### TASK STATEMENT
Every record here needs to be written out again exactly.

*** Begin section ***

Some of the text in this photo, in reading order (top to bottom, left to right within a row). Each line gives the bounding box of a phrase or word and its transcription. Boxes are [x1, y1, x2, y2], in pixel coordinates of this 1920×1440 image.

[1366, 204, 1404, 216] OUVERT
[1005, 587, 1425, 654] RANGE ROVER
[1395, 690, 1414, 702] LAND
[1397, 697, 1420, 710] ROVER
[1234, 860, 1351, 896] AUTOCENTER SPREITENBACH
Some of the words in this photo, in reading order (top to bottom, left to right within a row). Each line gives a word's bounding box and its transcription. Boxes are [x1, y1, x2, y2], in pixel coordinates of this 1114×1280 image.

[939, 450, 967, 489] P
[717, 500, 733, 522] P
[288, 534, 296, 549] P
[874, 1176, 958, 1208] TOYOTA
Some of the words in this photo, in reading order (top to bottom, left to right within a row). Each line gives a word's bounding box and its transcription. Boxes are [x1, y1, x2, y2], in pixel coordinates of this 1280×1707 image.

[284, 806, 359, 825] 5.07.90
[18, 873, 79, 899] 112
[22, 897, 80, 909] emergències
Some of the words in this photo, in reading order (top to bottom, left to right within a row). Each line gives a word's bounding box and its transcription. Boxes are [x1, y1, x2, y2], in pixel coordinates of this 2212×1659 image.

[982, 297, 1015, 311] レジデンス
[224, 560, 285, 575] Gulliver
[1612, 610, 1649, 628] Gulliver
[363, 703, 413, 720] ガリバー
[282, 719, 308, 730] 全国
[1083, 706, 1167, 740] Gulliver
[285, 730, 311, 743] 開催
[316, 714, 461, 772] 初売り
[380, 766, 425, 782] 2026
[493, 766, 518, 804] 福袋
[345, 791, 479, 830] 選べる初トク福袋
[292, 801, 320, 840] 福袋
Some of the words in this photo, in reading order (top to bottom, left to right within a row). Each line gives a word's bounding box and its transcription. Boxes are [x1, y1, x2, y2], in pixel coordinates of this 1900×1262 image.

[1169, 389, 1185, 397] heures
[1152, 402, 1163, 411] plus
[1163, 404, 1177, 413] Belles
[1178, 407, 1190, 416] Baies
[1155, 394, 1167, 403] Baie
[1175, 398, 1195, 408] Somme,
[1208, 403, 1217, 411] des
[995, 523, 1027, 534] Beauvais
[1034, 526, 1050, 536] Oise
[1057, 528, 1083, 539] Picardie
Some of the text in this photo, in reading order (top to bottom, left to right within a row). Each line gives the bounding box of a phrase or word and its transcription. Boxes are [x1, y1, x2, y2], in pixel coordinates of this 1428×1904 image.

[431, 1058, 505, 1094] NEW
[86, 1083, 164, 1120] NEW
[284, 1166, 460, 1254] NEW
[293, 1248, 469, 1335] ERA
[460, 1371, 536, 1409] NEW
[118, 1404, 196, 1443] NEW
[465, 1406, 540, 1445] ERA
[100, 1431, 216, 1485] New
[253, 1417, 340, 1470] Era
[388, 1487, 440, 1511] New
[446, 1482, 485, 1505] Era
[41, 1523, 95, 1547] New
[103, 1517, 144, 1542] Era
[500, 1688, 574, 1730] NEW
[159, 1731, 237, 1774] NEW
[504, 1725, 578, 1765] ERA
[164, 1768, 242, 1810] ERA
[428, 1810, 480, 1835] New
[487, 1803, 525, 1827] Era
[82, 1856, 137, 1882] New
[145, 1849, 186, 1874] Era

*** End section ***

### WRITTEN SOLUTION
Some of the text in this photo, in reading order (top to bottom, left to right within a row). Each line gives the bounding box of a phrase or word and its transcription. Boxes are [x1, y1, x2, y2], in pixel coordinates of this 1920×1440 image.

[1366, 204, 1404, 216] OUVERT
[1005, 587, 1425, 654] RANGE ROVER
[1395, 690, 1414, 702] LAND
[1397, 697, 1420, 710] ROVER
[1234, 860, 1351, 896] AUTOCENTER SPREITENBACH
Some of the words in this photo, in reading order (top to bottom, left to right within a row). Each line gives a word's bounding box and its transcription. Boxes are [x1, y1, x2, y2], in pixel coordinates of this 1114×1280 image.

[939, 450, 967, 489] P
[717, 500, 733, 522] P
[288, 534, 296, 549] P
[874, 1176, 958, 1208] TOYOTA
Some of the words in this photo, in reading order (top to bottom, left to right within a row). Each line gives a word's bounding box and its transcription. Boxes are [x1, y1, x2, y2], in pixel coordinates of this 1280×1707 image.

[284, 806, 359, 825] 5.07.90
[18, 873, 79, 899] 112
[22, 897, 80, 909] emergències
Some of the words in this photo, in reading order (top to bottom, left to right within a row). Each line gives a word's bounding box and its transcription. Boxes are [x1, y1, x2, y2], in pixel coordinates of this 2212×1659 image.

[982, 297, 1015, 311] レジデンス
[224, 560, 285, 575] Gulliver
[1612, 610, 1649, 628] Gulliver
[363, 703, 413, 720] ガリバー
[282, 719, 308, 730] 全国
[1083, 706, 1167, 740] Gulliver
[285, 730, 311, 743] 開催
[316, 714, 461, 772] 初売り
[380, 766, 425, 782] 2026
[493, 766, 518, 804] 福袋
[345, 791, 479, 830] 選べる初トク福袋
[292, 801, 320, 840] 福袋
Some of the words in this photo, in reading order (top to bottom, left to right within a row). Each line gives a word's bounding box and its transcription. Boxes are [x1, y1, x2, y2], in pixel coordinates of this 1900×1262 image.

[1169, 389, 1185, 397] heures
[1152, 402, 1163, 411] plus
[1163, 404, 1177, 413] Belles
[1178, 407, 1190, 416] Baies
[1155, 394, 1167, 403] Baie
[1175, 398, 1195, 408] Somme,
[1208, 403, 1217, 411] des
[995, 523, 1027, 534] Beauvais
[1034, 526, 1050, 536] Oise
[1057, 528, 1083, 539] Picardie
Some of the text in this photo, in reading order (top to bottom, left to right within a row). Each line gives the bounding box of a phrase or word and its transcription. Boxes are [x1, y1, x2, y2], in pixel coordinates of this 1428×1904 image.

[431, 1058, 505, 1094] NEW
[86, 1083, 164, 1120] NEW
[284, 1166, 460, 1254] NEW
[293, 1248, 469, 1335] ERA
[460, 1371, 536, 1409] NEW
[118, 1404, 196, 1443] NEW
[465, 1406, 540, 1445] ERA
[100, 1431, 216, 1485] New
[253, 1417, 340, 1470] Era
[388, 1487, 440, 1511] New
[446, 1482, 485, 1505] Era
[41, 1523, 95, 1547] New
[103, 1517, 144, 1542] Era
[500, 1688, 574, 1730] NEW
[159, 1731, 237, 1774] NEW
[504, 1725, 578, 1765] ERA
[164, 1768, 242, 1810] ERA
[428, 1810, 480, 1835] New
[487, 1803, 525, 1827] Era
[82, 1856, 137, 1882] New
[145, 1849, 186, 1874] Era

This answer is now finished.